Abu Dhabi, UAEWednesday 1 April 2020

Coronavirus is jeopardising jobs

Governments, responsible companies and compassionate individuals are stepping up to help

Dubai's Burj Khalifa lights up with a message "Stay Home" reminding citizens to stay put amid the coronavirus pandemic. AFP
Dubai's Burj Khalifa lights up with a message "Stay Home" reminding citizens to stay put amid the coronavirus pandemic. AFP

The coronavirus pandemic has confined one fifth of the world's population to their homes and the number of infected people has risen to nearly half a million. Unfortunately, the victims of coronavirus are not limited to those who have contracted the disease. Millions of people are at risk of losing their source of income overnight.

In Lebanon, on Tuesday, taxi driver Salim Khadouj set himself and his car on fire in despair, after receiving a fine that he could not afford to pay for violating lockdown rules. He is still recovering from severe burns at the hospital. The father of four and sole breadwinner of his family had seen his financial situation deteriorate over the past months and felt he had no choice but to put his health at risk to provide for his loved ones. The country is reeling under an unprecedented financial crisis, which is now further compounded by the coronavirus.

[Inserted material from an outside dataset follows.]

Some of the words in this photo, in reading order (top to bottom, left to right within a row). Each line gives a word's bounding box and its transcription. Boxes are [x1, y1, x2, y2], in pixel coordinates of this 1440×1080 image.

Mr Khadouj’s story is not an isolated case. From Lebanon to the US, France, the rest of Europe and indeed, across the world, the pandemic has put businesses big and small in a tight economic spot, jeopardising the livelihoods of millions. In the US alone, the number of people who have lost their jobs and now seeking unemployment benefits has soared in just a few weeks.

In response, communities have shown extraordinary solidarity. A GoFundMe page has been set up to help Mr Khadouj and it garnered more than $10,000 in one day.

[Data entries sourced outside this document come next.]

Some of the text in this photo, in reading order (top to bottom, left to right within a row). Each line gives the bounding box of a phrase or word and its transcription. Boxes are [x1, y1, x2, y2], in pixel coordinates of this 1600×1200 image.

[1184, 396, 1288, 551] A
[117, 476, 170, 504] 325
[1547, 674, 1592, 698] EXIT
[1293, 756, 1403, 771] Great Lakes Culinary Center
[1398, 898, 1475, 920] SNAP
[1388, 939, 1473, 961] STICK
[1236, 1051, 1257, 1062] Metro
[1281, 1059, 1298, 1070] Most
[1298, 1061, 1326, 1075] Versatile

Governments and responsible companies have also launched initiatives to save jobs and, by extension, the economy. Countries around the world are announcing initiatives to deal with this unprecedented situation. The US is planning to roll out a stimulus package of $2 trillion to curb the economic impact of the virus.

Economists are expecting the impact of COVID-19 to be far-reaching and it is already being felt, especially in the tourism and aviation sectors. Airplane maker Boeing, for one, is seeking $60 billion in US government loans, but while big companies usually get their fair share of support during times of recession, it is important to also provide help for the small and medium enterprises, the businesses run by ordinary citizens.

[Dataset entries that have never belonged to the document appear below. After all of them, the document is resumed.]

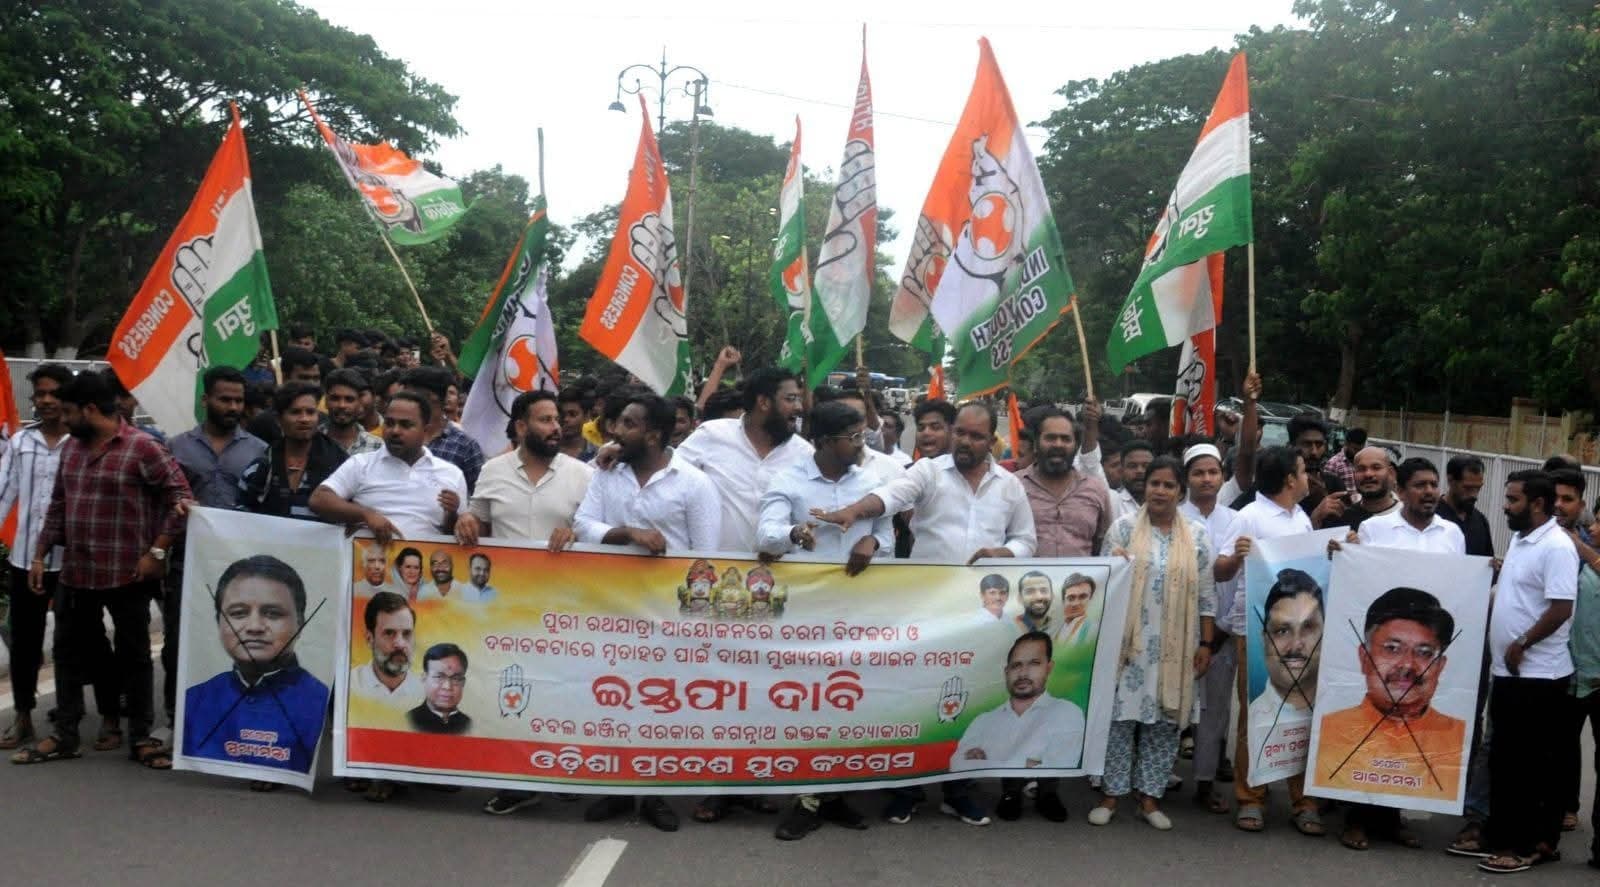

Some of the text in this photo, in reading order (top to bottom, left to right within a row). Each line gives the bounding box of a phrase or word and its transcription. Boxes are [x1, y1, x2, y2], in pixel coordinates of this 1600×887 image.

[543, 613, 919, 641] ପୁରୀ ରଥଯାତ୍ରା ଆୟୋଜନରେ ଚରମ ବିଫଳତା ଓ
[485, 635, 975, 670] ଦଳାଚକଟାରେ ମୃତାହତ ପାଇଁ ଦାୟୀ ମୁଖ୍ୟମନ୍ତ୍ରୀ ଓ ଆଇନ ମନ୍ତ୍ରୀଙ୍କ
[592, 670, 864, 714] ଇସ୍ତଫା ଦାବି
[530, 717, 576, 735] ଡବଲ
[638, 723, 705, 740] ସରକାର
[711, 724, 777, 744] ଜଗନ୍ନାଥ
[783, 724, 832, 741] ଭକ୍ତଙ୍କ
[838, 723, 920, 740] ହତ୍ୟାକାରୀ
[530, 745, 915, 779] ଓଡ଼ିଶା ପ୍ରଦେଶ ଯୁବ କଂଗ୍ରେସ

In the words of Sheikh Mohammed bin Rashid, Vice President and ruler of Dubai, now is a time “for unity, cooperation and solidarity to fight the worst enemy of humankind.” Sheikh Mohammed Bin Zayed, Crown Prince of Abu Dhabi and Deputy Supreme Commander of the Armed Forces said "I'd like to recognise all the small, medium and large businesses in the UAE that have risen up with initiatives and programs that support the people of the UAE'.

In times of crisis, big businesses need financial help, but the safety net needs to be expanded to cover smaller businesses

The UAE Central Bank has allotted Dh126.5 billion to keep the economy afloat. Electricity bills have been reduced by 10 per cent for people and businesses. Abu Dhabi has decided to waive road toll charges and cut utility bills for the rest of the year to support everyone during these difficult times.

Al Futtaim Group also announced it will offer Dh100 million fund to lend a helping hand to retailers affected by the pandemic, including three months of rent relief in its malls across the UAE. Abu Dhabi government has announced that financial institutions have come up with 17 financial initiatives to help individuals and small and medium businesses.

Some companies have found creative ways of saving their employees’ jobs. Majid Al Futaim's Vox Cinema and Ski Dubai will redeploy 1,000 staff workers to Carrefour supermarkets, which are facing a larger number of customers during the current crisis.

In times of crisis, big businesses need financial help, but the safety net needs to be expanded to cover smaller, family-run businesses and neighbourhood stores. A holistic approach is required to curb the spread of coronavirus, but also to save jobs, and provide relief for individuals. We must come together to save lives - and livelihoods.